Authors Publication date
2001
Publication type
Thesis
Summary In this thesis, we study the potential effects on French public hospital expenditures of the introduction of a pathology-based pricing system based on the principle of competition by comparison, using patients with acute myocardial infarction (AMI) as a framework. We show that a purely prospective pricing system based on current GHMs leads to a budgetary gain of around 40% for medical GHMs. However, this payment penalizes hospitals with specific missions (teaching, etc.) assigned by the supervisory authority and hospitals performing innovative procedures. In the latter case, pathology-based pricing may encourage hospitals to select patients. To take account of the heterogeneity between hospitals, we recommend the use of a mixed pricing system that combines a flat rate and reimbursement of the observed cost.
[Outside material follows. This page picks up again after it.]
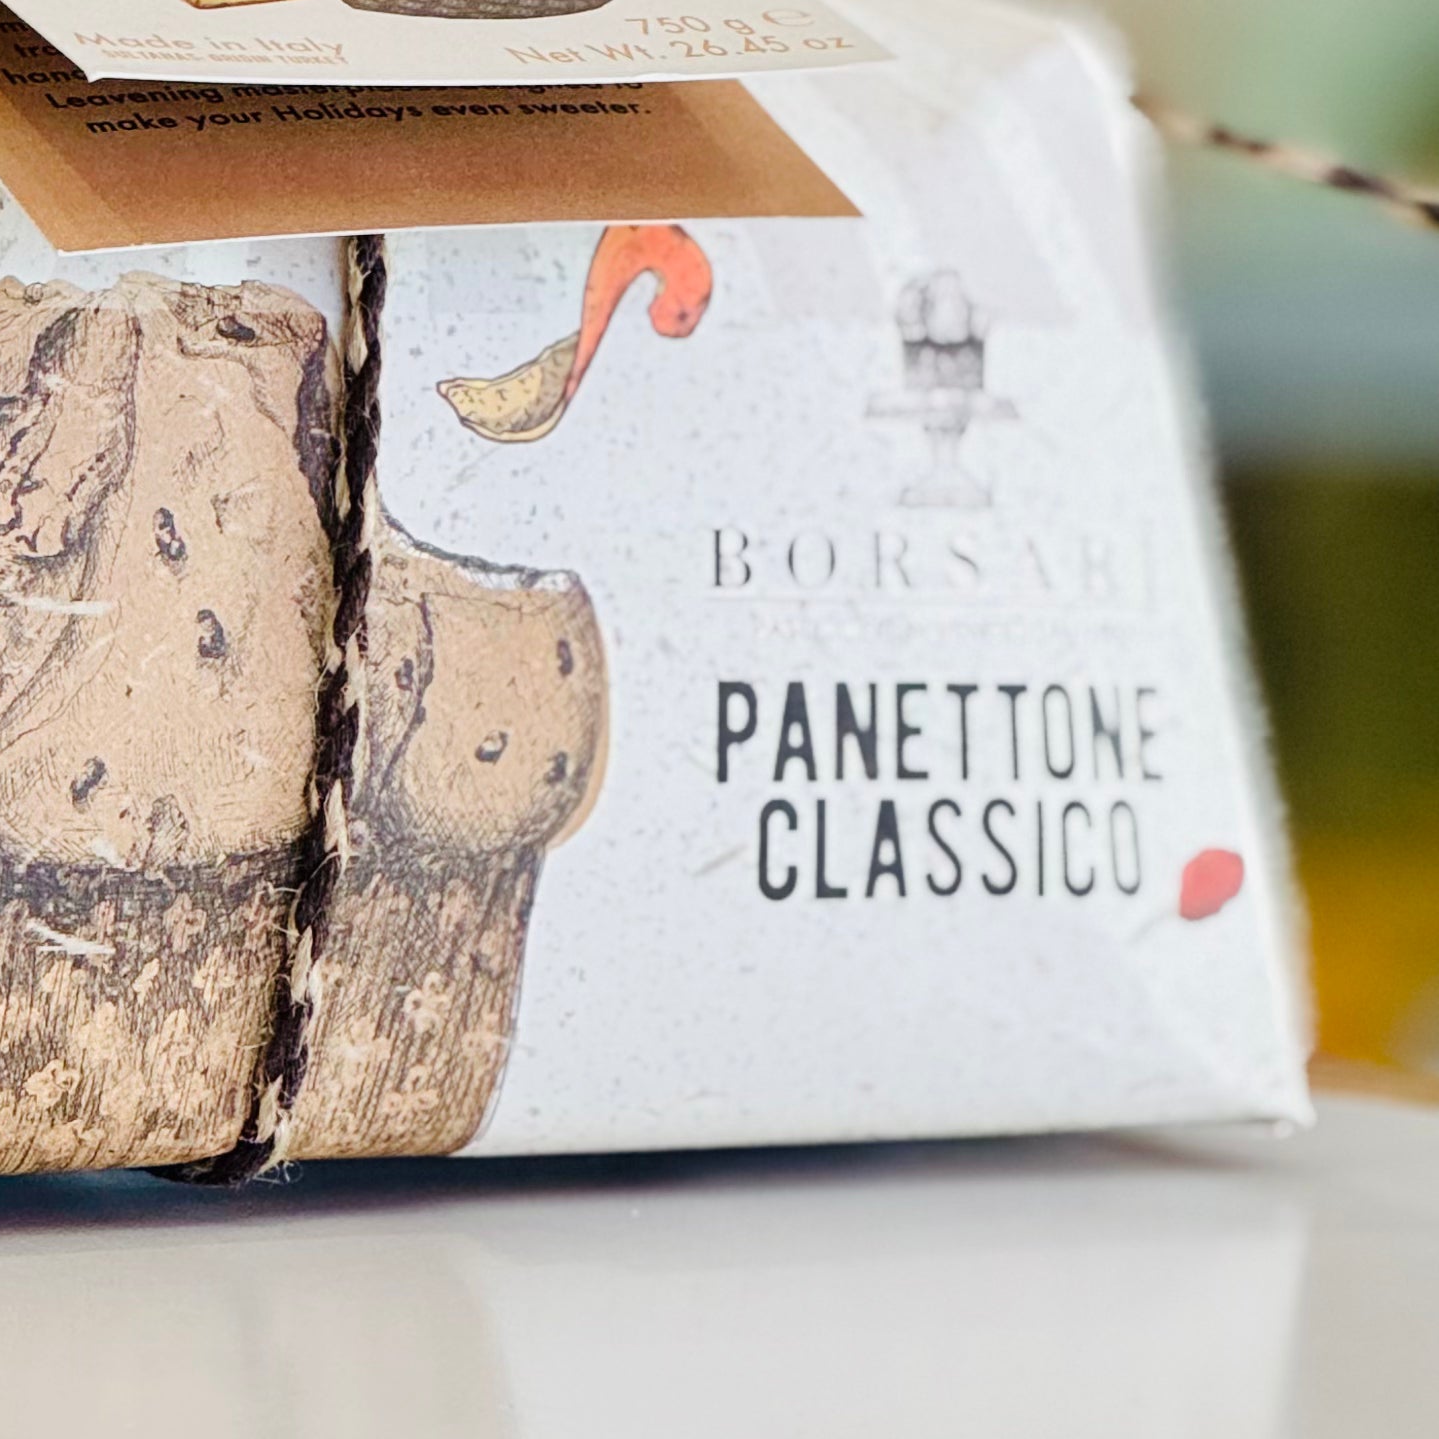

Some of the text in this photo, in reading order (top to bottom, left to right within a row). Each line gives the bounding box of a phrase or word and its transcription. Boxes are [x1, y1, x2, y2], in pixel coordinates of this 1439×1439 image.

An econometric approach makes it possible to define the share allocated to each type of regulation in the payment. We then define a type of payment that minimizes moral hazard while taking into account all unobserved heterogeneity as long as it is constant over time. In this case, budgetary savings of around 16% are achieved. Furthermore, an econometric study allows us to observe that patients are directed towards technical hospitals according to their need for innovative therapeutic procedures. Moreover, the exogeneity of the variables relating to the transfer of patients to another hospital and the length of stay means that these variables are not manipulated in order to control costs. Finally, innovative procedures lengthen the length of stay for patients with AMI with or without complications. However, for patients who have benefited from the evolution of medical techniques (angioplasty instead of bypass surgery), the diffusion of innovation has led to a shorter length of stay and a reduction in the associated additional costs.